(Saved entries)

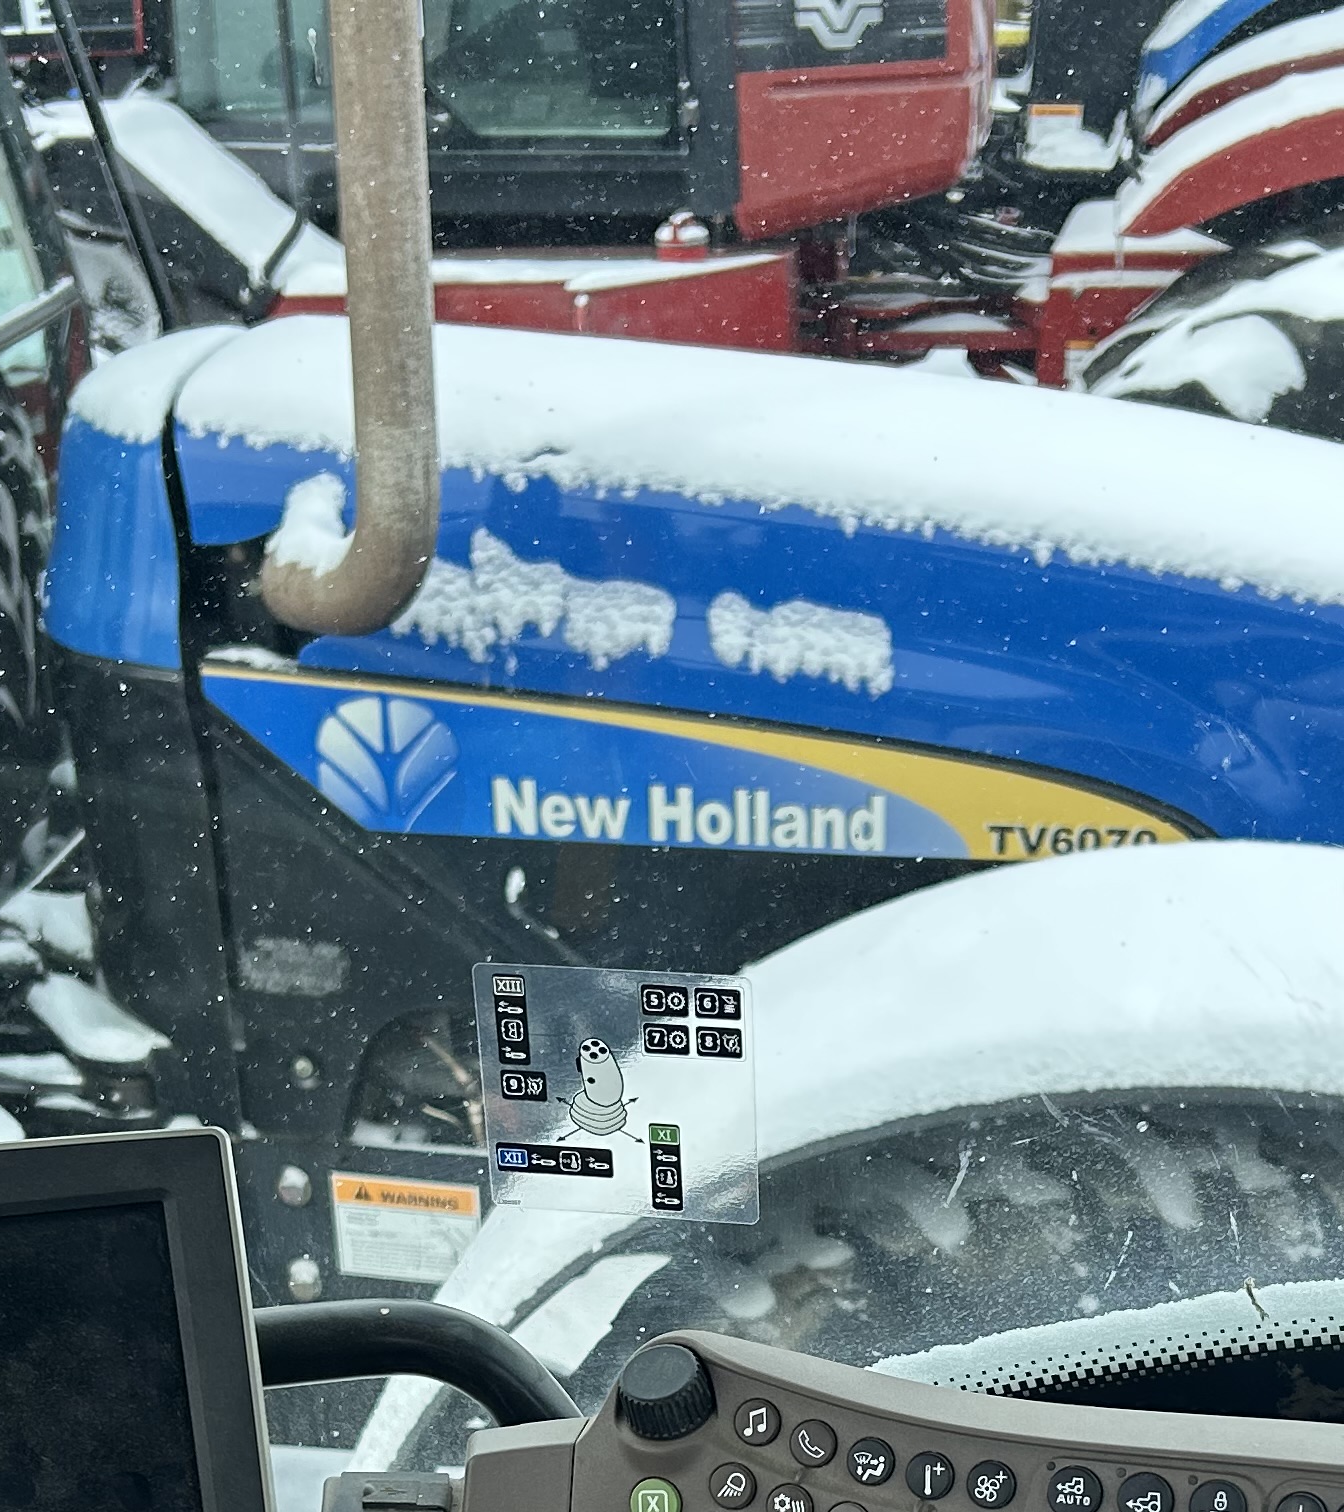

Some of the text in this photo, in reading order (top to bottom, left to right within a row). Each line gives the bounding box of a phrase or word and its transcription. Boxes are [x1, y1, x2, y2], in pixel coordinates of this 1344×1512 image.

[491, 777, 887, 853] New Holland
[497, 979, 521, 993] XIII
[650, 994, 658, 1006] 5
[702, 997, 711, 1009] 6
[652, 1033, 661, 1045] 7
[704, 1036, 713, 1048] 8
[509, 1079, 518, 1090] 9
[657, 1129, 672, 1141] XI
[503, 1152, 523, 1164] XII
[646, 1495, 660, 1512] X
[1056, 1494, 1091, 1506] AUTO

Exercise requirements:
Take every record and copy it word for word, dropping the pictures.

Result:
Some of the text in this photo, in reading order (top to bottom, left to right within a row). Each line gives the bounding box of a phrase or word and its transcription. Boxes are [x1, y1, x2, y2], in pixel coordinates of this 1344×1512 image.

[491, 777, 887, 853] New Holland
[497, 979, 521, 993] XIII
[650, 994, 658, 1006] 5
[702, 997, 711, 1009] 6
[652, 1033, 661, 1045] 7
[704, 1036, 713, 1048] 8
[509, 1079, 518, 1090] 9
[657, 1129, 672, 1141] XI
[503, 1152, 523, 1164] XII
[646, 1495, 660, 1512] X
[1056, 1494, 1091, 1506] AUTO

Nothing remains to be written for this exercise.